Here are some of my favorites and how I like to use them with art making in the groups I’ve done over the years:
- The Safe House– I have included this book when working with youth from violent homes on making paper houses around the theme of safety and what makes a house a safe home. You can learn more about paper house making with youth exposed to domestic violence here.
- Hands Are Not For Hitting– I like to use this book with younger kiddos, between 4-6 years old to help discuss helpful and & kind ways we can use our hands instead of choosing to be hurtful. Often the story is followed by the children in the group tracing their own hands, decorating them with crayons or markers to include with the many ways we’ve discussed about how their hands can be used in positive, respectful, and non-violent ways.

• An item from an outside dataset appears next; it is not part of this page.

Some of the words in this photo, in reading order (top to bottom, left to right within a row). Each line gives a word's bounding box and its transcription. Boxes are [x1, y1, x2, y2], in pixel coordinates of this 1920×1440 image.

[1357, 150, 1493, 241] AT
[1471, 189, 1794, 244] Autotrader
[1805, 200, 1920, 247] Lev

- A Place for Starr: A Story of Hope for Children Experiencing Family Violence– This book tells a young girl’s story about her mother, brother, and her leaving their home of domestic violence to the safety of a shelter. The book is now out of print and any available finds are quite expensive to purchase, but if you come across an affordable copy somewhere, I recommend it highly! I am super thankful to have a copy for my collection- I have found this book helpful for opening up discussions and art-making around the experience of coming to a shelter.
- Is It Right to Fight? – The content in this book looks at aggression & anger from a variety of perspectives such as bullying, fighting between adults, war and prompts the group/child with questions to explore decisions, situations, and ways we can manage our anger or conflicts without fighting & violence.

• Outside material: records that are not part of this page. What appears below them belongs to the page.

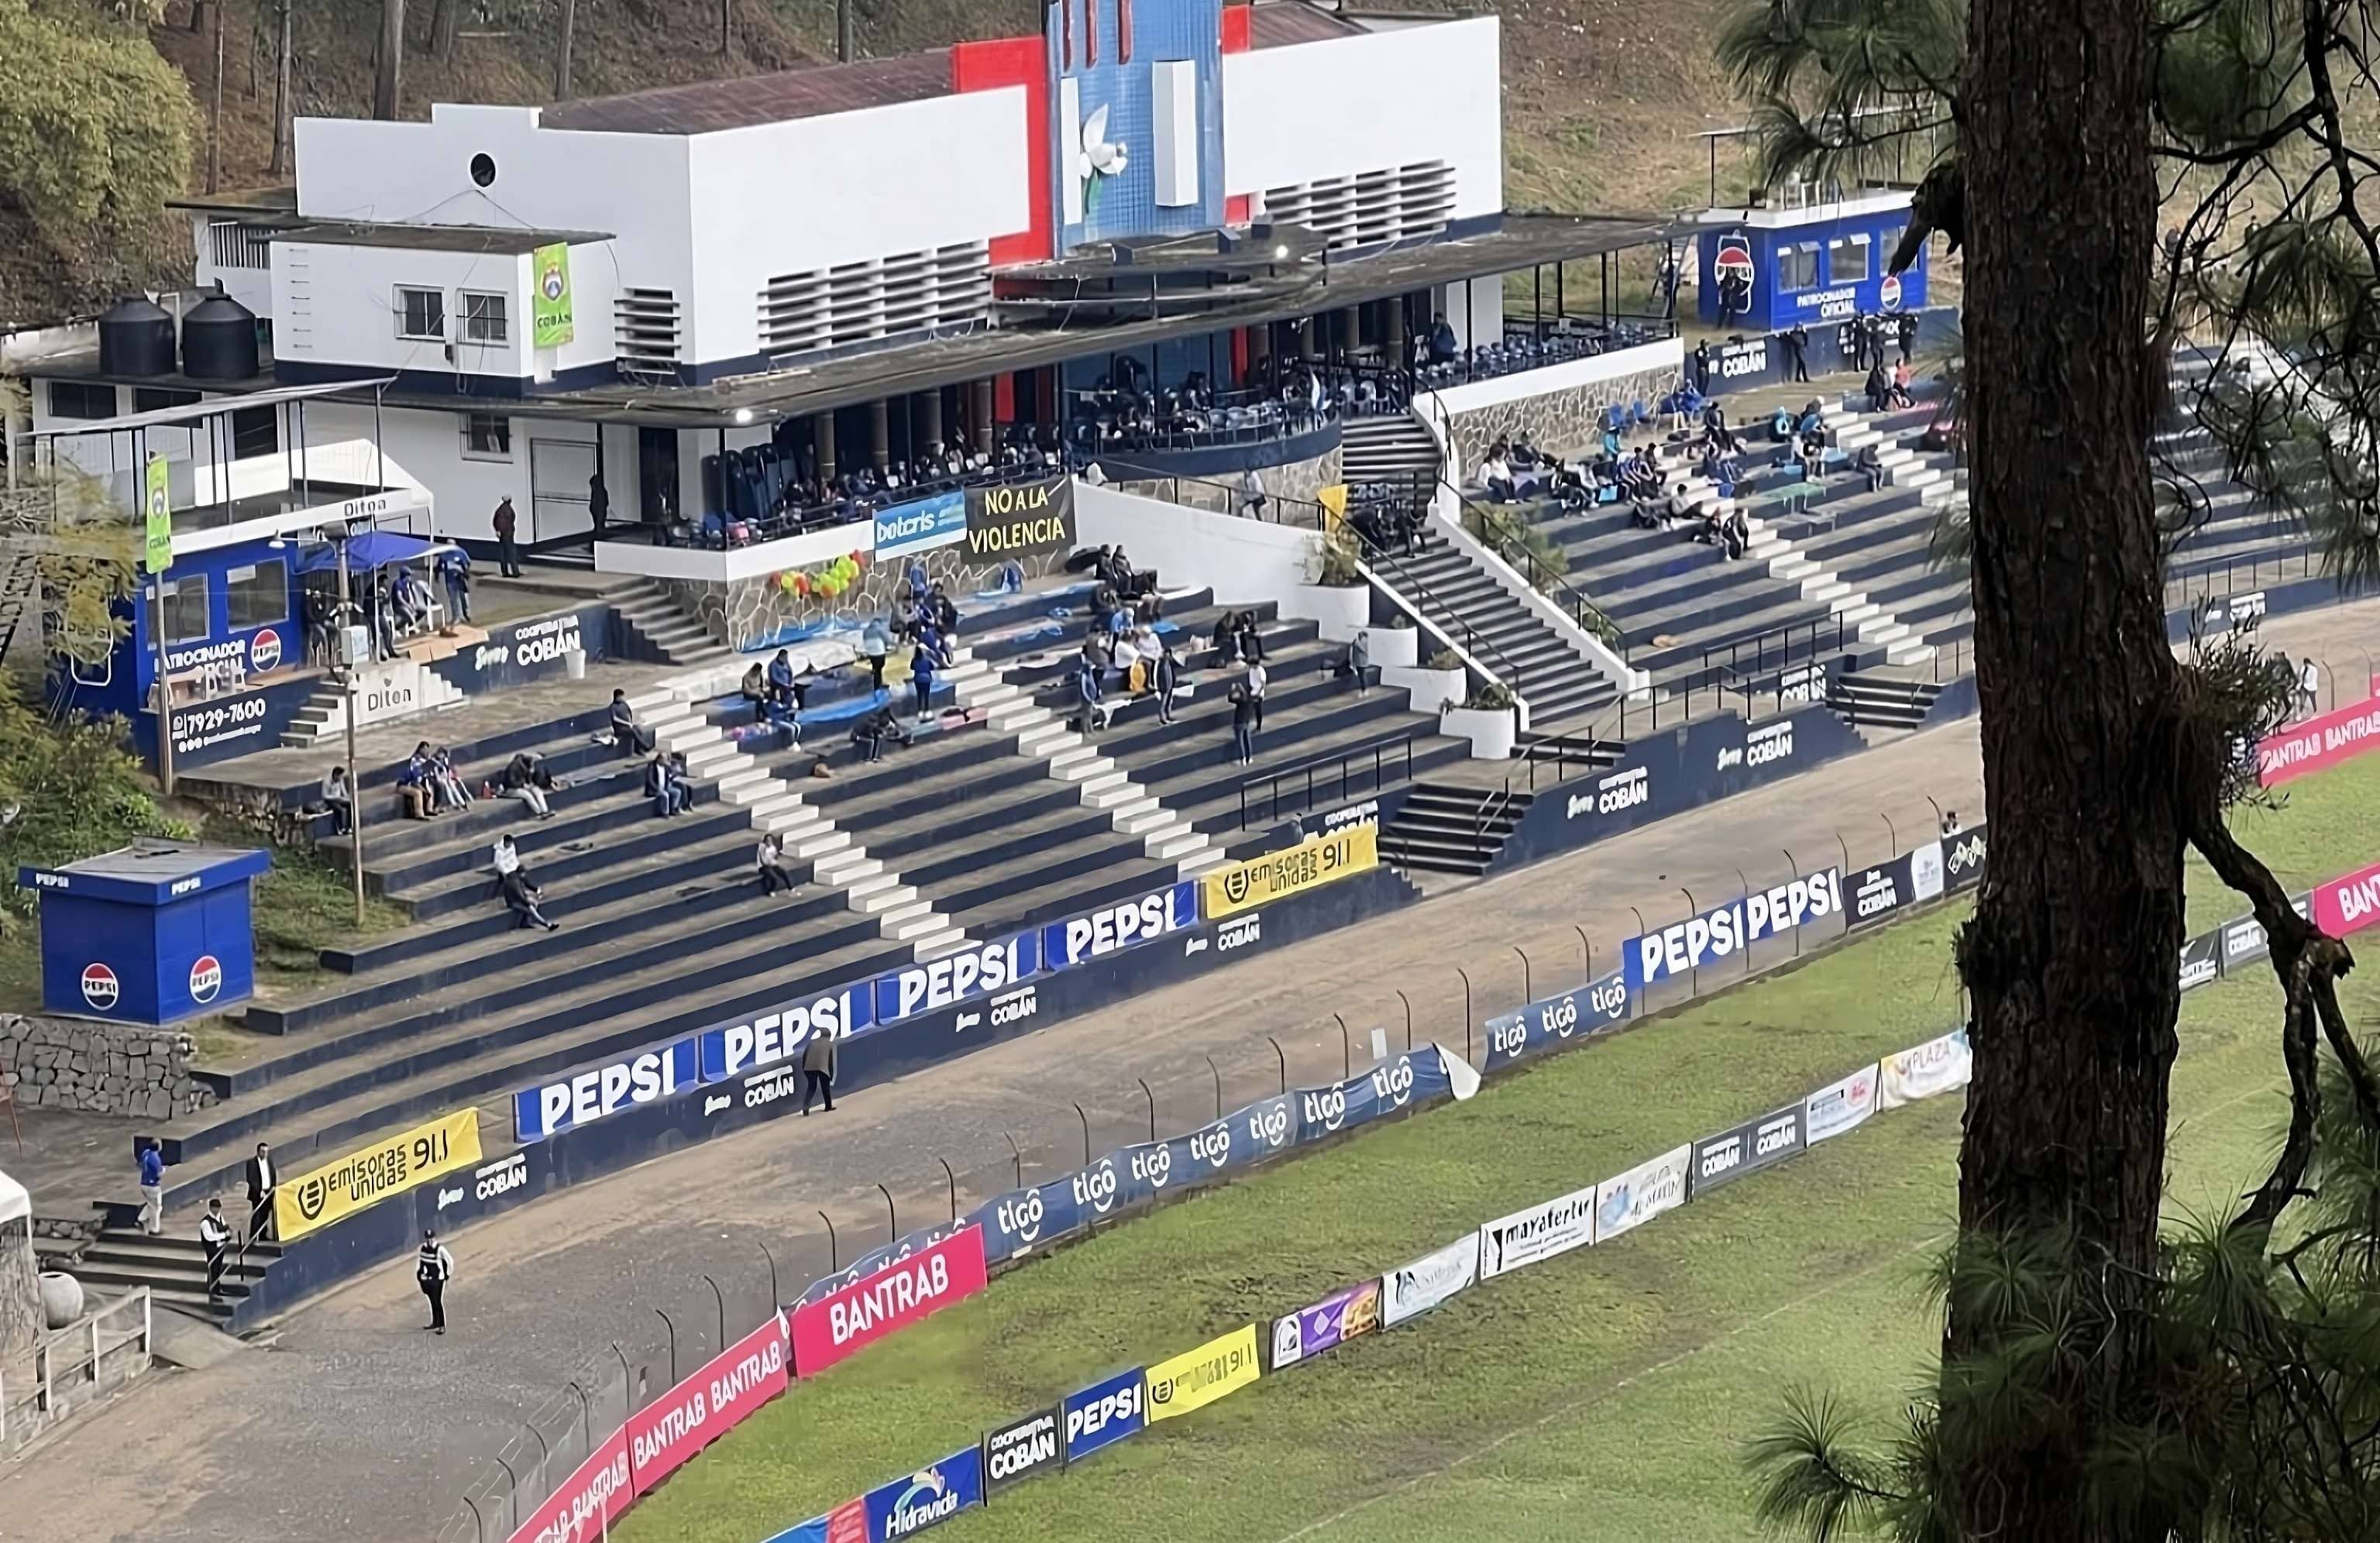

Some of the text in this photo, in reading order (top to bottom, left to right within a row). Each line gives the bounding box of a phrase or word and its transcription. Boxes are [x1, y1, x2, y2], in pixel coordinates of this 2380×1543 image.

[985, 486, 1048, 515] NO A LA
[969, 517, 1066, 554] VIOLENCIA
[517, 626, 580, 666] COBÁN
[187, 698, 267, 735] 7929-7600
[1599, 775, 1648, 814] COBÁN
[36, 873, 69, 888] PEPSI
[172, 877, 201, 896] PEPSI
[1747, 867, 1843, 940] PEPSI
[1066, 888, 1177, 964] PEPSI
[1641, 904, 1744, 983] PEPSI
[84, 979, 116, 995] PEPSI
[898, 938, 1018, 1019] PEPSI
[725, 991, 852, 1076] PEPSI
[540, 1046, 676, 1136] PEPSI
[414, 1129, 448, 1171] 91.1
[351, 1162, 407, 1201] unidas
[830, 1254, 949, 1345] BANTRAB
[633, 1341, 781, 1470] BANTRAB BANTRAB
[1067, 1383, 1142, 1444] PEPSI
[989, 1431, 1055, 1480] COBÁN
[886, 1489, 958, 1539] Hidravida

- When I’m Feeling…. series – This series features 8 different books about the feelings scared, sad, jealous, happy, loved, kind, lonely, & angry in very simple & short illustrated stories, which is great to use with young children to explore emotional themes. When we’re going to work on something like Worry Dolls, the When I’m Feeling Scared book is a helpful introduction to learn more about or normalize the feeling.
- My Many Colored Days– This book is another favorite of mine: I love the images and descriptions of emotions associated with the different colors– My favorite is the green, calm & cool fish! Lots and lots of possibilities for art-making to promote emotional expression inspired by this classic Dr. Seuss book! Check out this PDF resource supporting social emotional development using a variety of arts based and hands on activities with this book.

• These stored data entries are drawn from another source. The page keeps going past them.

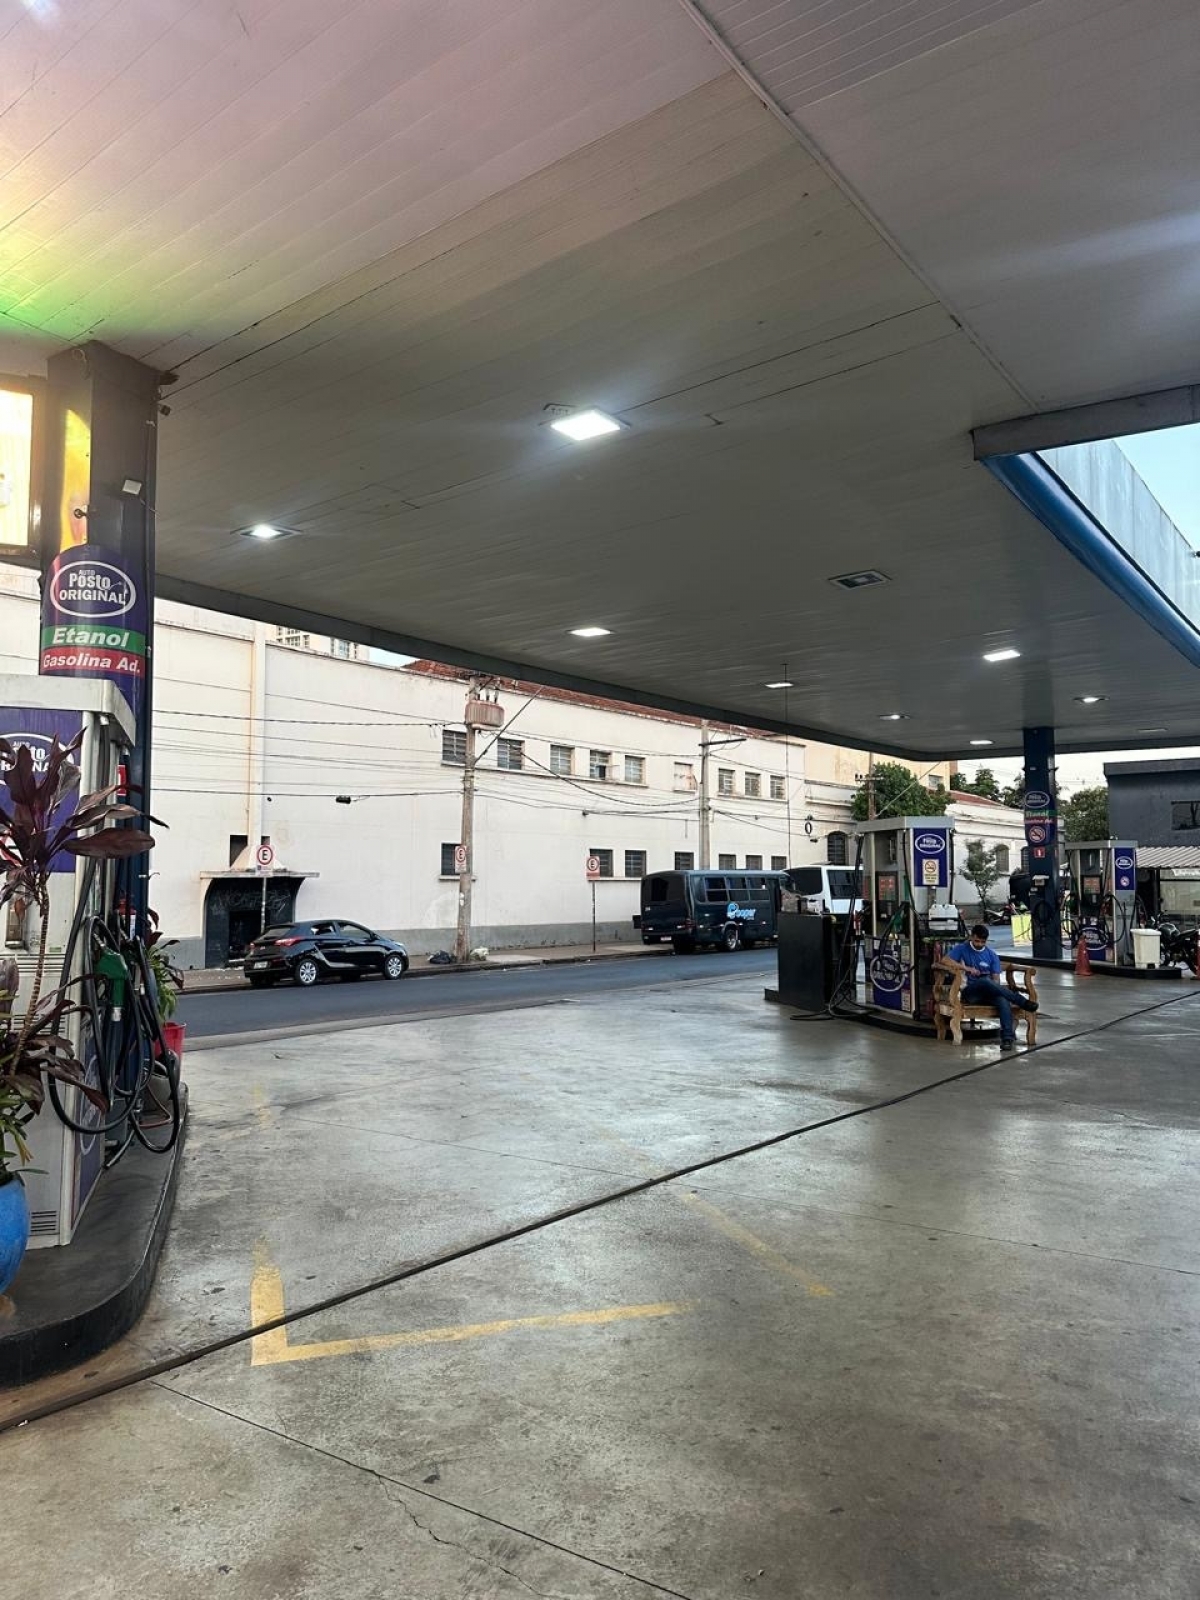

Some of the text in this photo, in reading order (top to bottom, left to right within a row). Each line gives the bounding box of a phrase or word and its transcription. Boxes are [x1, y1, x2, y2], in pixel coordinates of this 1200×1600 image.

[69, 573, 111, 589] Posto
[59, 589, 126, 605] ORIGINAL
[52, 627, 130, 647] Etanol
[43, 653, 140, 673] Gasolina Ad.
[262, 849, 268, 861] E

- Just Because I Am: A Child’s Book of Affirmations: I mostly use this book with young children as a way to instill not only how all feelings are OK, but that our thoughts, bodies, and who we are, is important to respect as well. This book goes really well with drawing images or pictures around the theme of “who am I?” or “this is me!”
- Life Doesn’t Frighten Me– Maya Angelou’s amazing poem meets the awesome art illustrations of Jean-Michel Basquiat in this very inspiring book that tells the story of fearlessness and resiliency. The narrative from these pages sets a great foundation to do some art-making about our strengths and supports.
- Courage– This children’s book I’ve used not only in my professional work to introduce what courage is to the youth I work with, but it has also inspired my own creative work! It’s a great story for adults to be reminded about too and both children & grown ups alike can benefit from creating Couarge Coins!
- When I Grow Up– I initially bought this book at a local toy store in Chicago many years ago because I really liked the creative illustrations with black and white photographs of children’s faces, but then fell in love with it’s entire concept surrounding the cliche question: What Do You Want to Be When You Grow Up? Instead of focusing on the typical answer of an occupation or vocation, this book suggests another thoughtful perspective (and fun pictures) such as growing up to be brave, adventurous, generous, imaginative, curious, optimistic, patient, & more. It’s a great book to explore how we feel about ourselves (and future selves), as well as how we want to treat others.
Trauma & Loss:
Both of these books below are really valuable to help introduce what trauma is, trauma reactions, and learning how to manage traumatic stress through an animal character based story. After reading and having a discussion about the book, I often invite kids to create art expressions about what they think happened in the story.
- Brave Bart– A resource on activities and ideas on how to use this book with grieving and traumatized youth can be found here from the National Institute for Trauma and Loss in Children.
I use this batch of books & stories to inspire kids about how to become a peacemaker and how make choices to live non-violently in their home, school, and community:
- Make Someone Smile and 40 More Ways to Be a Peaceful Person- This book inspired some of messages for Peace Flags that one of my groups about Peacemaking created a couple of years ago from handmade paper pulped from hurtful bullying messages.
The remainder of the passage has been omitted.